Can I jump in here? DS is nearly 3 and I had PND with him after an em cs...was prescribed 20mg of Citalopram and felt so good last summer, that I came off of them.
However, since I came off of them, my MIL was diagnosed with terminal cancer and died, there are job losses in the company I work in. I started to have panic attacks and went back on the Citalopram at 20mgs
I thought they were working but my anxiety wasn't going and after a 4 day break at Easter with my mums, it just caught up with me big time - bad tummy, feeling ill and I was having huge panic attacks to the stage where I would call DH and ask him to come home from work - not an ideal situation at all.

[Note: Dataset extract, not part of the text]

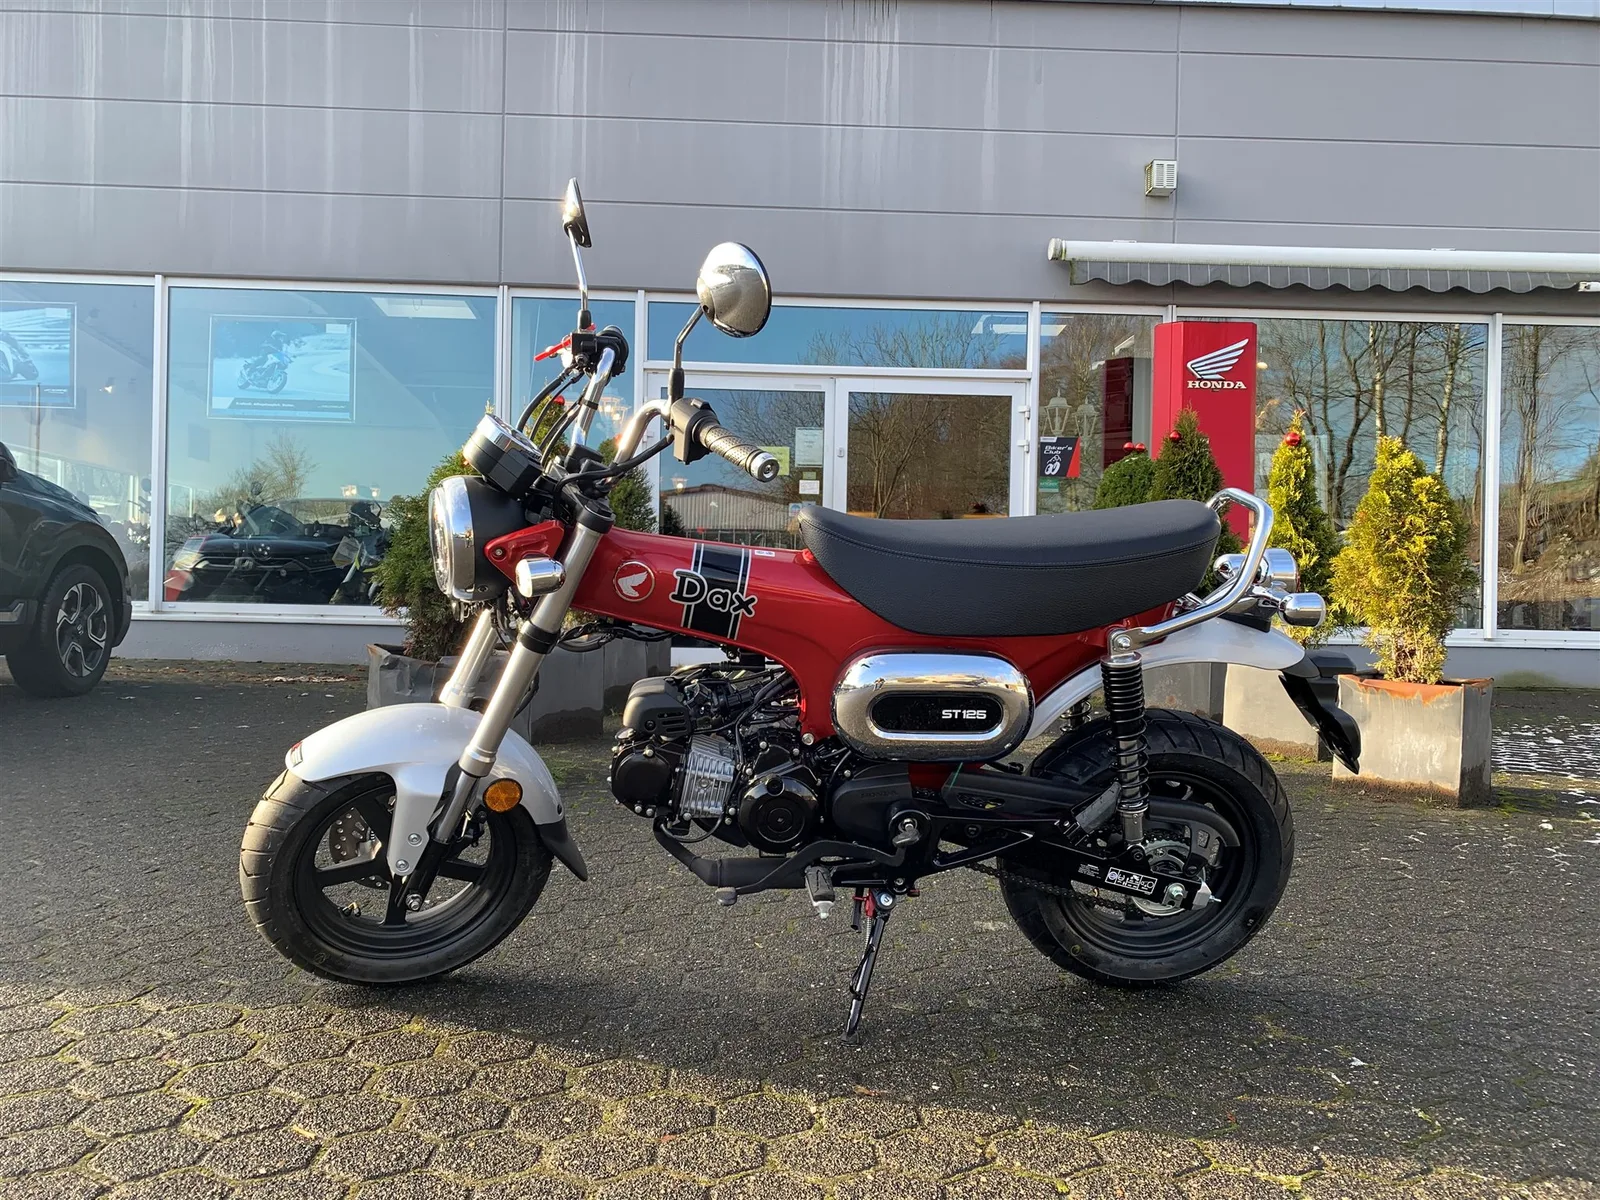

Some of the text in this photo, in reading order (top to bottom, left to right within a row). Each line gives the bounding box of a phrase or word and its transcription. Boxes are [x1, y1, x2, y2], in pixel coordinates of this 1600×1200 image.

[1187, 380, 1247, 389] HONDA
[669, 568, 758, 617] Dax
[941, 709, 987, 719] ST125

The Dr has increased the citalopram to 40mgs and it will be about 5 weeks this week that I've had the increased dosage. Felt awful the first week -very tired. Have combated that to some extent by taking my tablets earlier in the evening so I'm not suffering any side effects. Feel a bit brighter than I did but still very emotional.
I do have friends and go out but I find, when DH leaves for work, that the thought of coping alone on my own all day is one of the things that triggers my panic attacks (no family close by) -does anyone else have this? I feel like a totally crap mum for feeling like this
I want to feel ooh, I have time to spend with DS, not get stressed with it! I do keep busy with DS and plan things to help the day go and that helps, but don't like feeling so blue when DH leaves. DS and I have a great relationship and we do loads of things together so he's not suffering at all as a result of my PND...I'm the one that's suffering the most and beating myself up that I'm a crap mum - when I know I'm not iyswim...fecking depression is a bitch!